# 权重衰减
过拟合可以通过收集更多的训练数据来缓解过拟合，但是获取更多的数据会导致成本很高。

如果有了很多高质量的数据，那么我们可以将重点放在正则化技术上。

在[多项式回归](./overfittingAndUnderfitting.ipynb)中，我们通过限制特征的数量来缓解过拟合。但是这种简单地丢弃特征的行为太过于生硬。

在训练参数化机器学习模型的时候，权重衰减（weight decay）是广泛使用的正则化技术之一，通常被称为L2正则化，通过函数与0的距离来衡量函数的复杂度。

一种简单的方法是通过线性函数中权重向量的某个范数来度量复杂性，要保证权重向量比较小， 最常用方法是将其范数作为惩罚项加到最小化损失的问题中。 将原来的训练目标最小化训练标签上的预测损失， 调整为最小化预测损失和惩罚项之和。

**为什么可以防止过拟合呢？
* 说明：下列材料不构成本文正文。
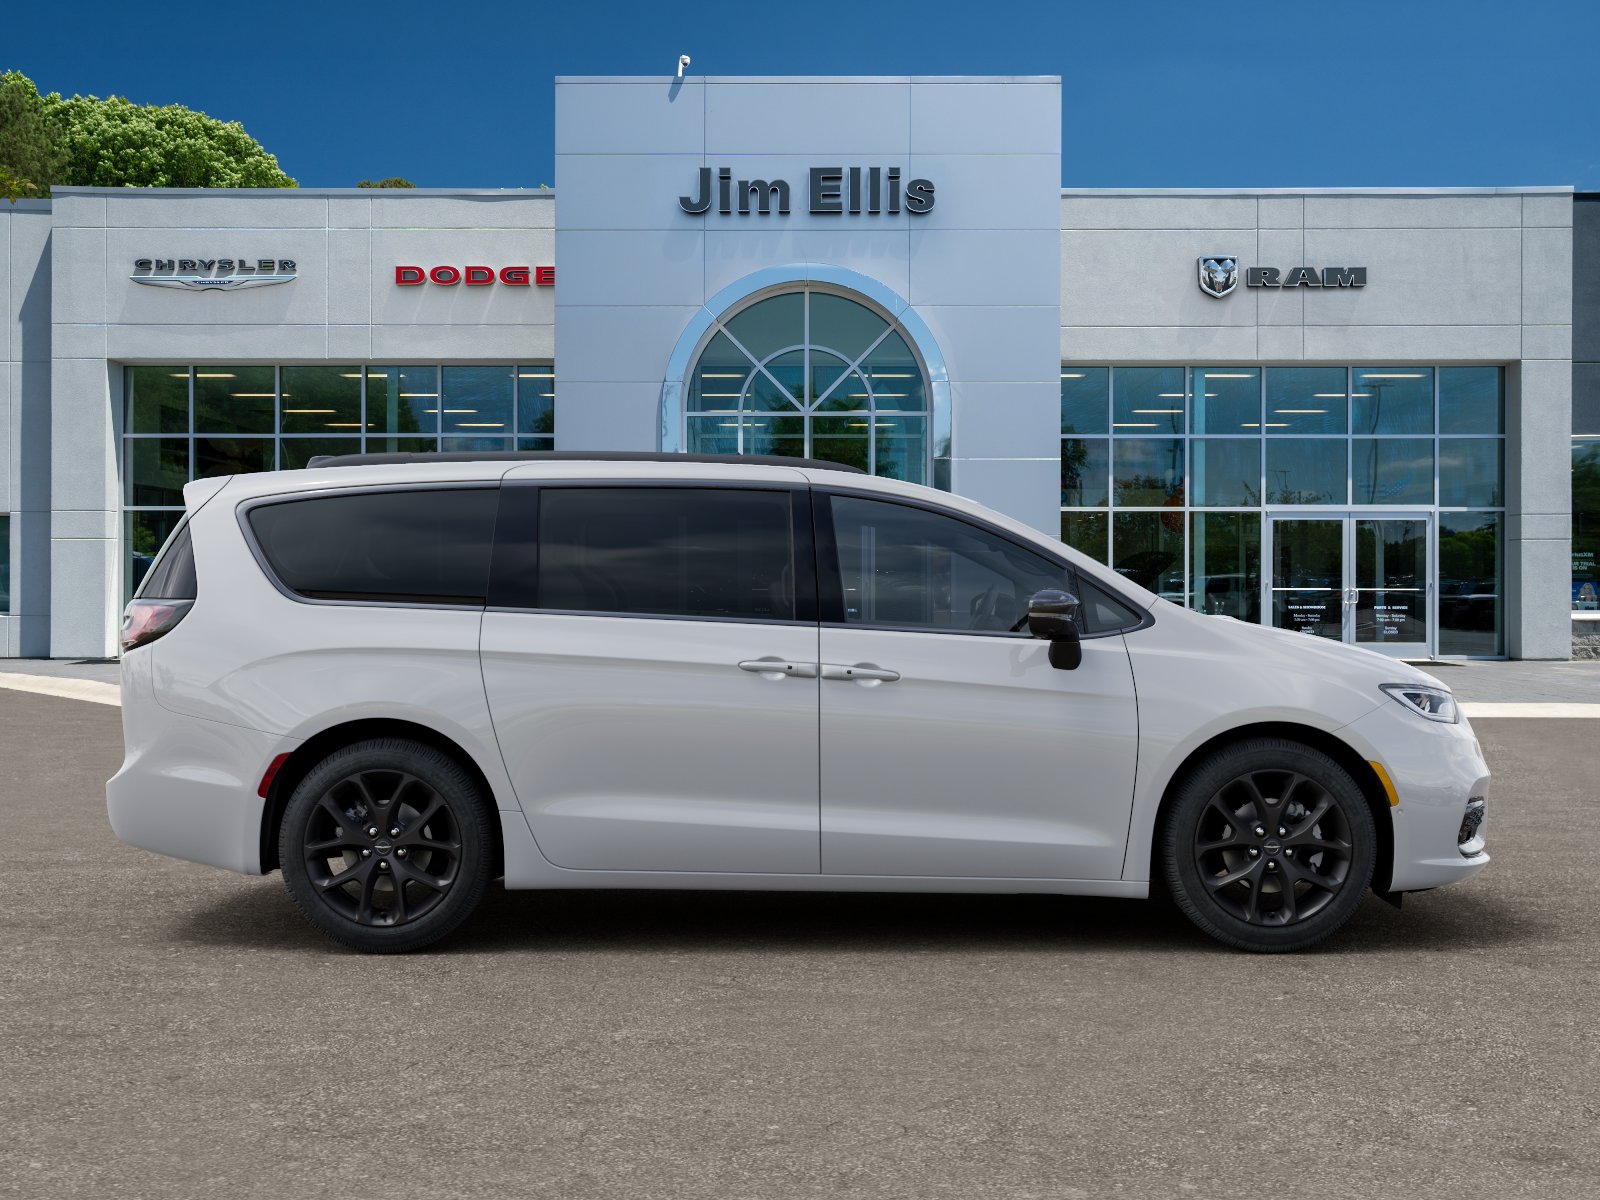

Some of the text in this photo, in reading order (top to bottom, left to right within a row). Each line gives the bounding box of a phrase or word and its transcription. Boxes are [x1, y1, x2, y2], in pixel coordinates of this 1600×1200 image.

[679, 167, 935, 213] Jim Ellis
[134, 259, 297, 270] CHRYSLER
[395, 266, 555, 286] DODGE
[1247, 267, 1367, 287] RAM
**
1. 从模型的复杂度上解释：更小的权值w，从某种意义上说，表示网络的复杂度更低，对数据的拟合更好（这个法则也叫做奥卡姆剃刀），而在实际应用中，也验证了这一点，L2正则化的效果往往好于未经正则化的效果。
2. 从数学方面的解释：过拟合的时候，拟合函数的系数往往非常大，在某些很小的区间里，函数值的变化很剧烈。这就意味着函数在某些小区间里的导数值（绝对值）非常大，由于自变量值可大可小，所以只有系数足够大，才能保证导数值很大。而正则化是通过约束参数的范数使其不要太大，所以可以在一定程度上减少过拟合情况。


In [83]:
%matplotlib inline
import torch as t
import torch.nn as nn
from pltutils import *
import math

# 生成数据

In [84]:
true_w,true_b=t.ones((200))*0.01,0.05
X= t.normal(0,1,size=(20+100,200))
Y=t.zeros((120,1))
for i in range(100+20):
    Y[i]=true_b+(X[i]*true_w).sum()+t.normal(0,0.01,(1,))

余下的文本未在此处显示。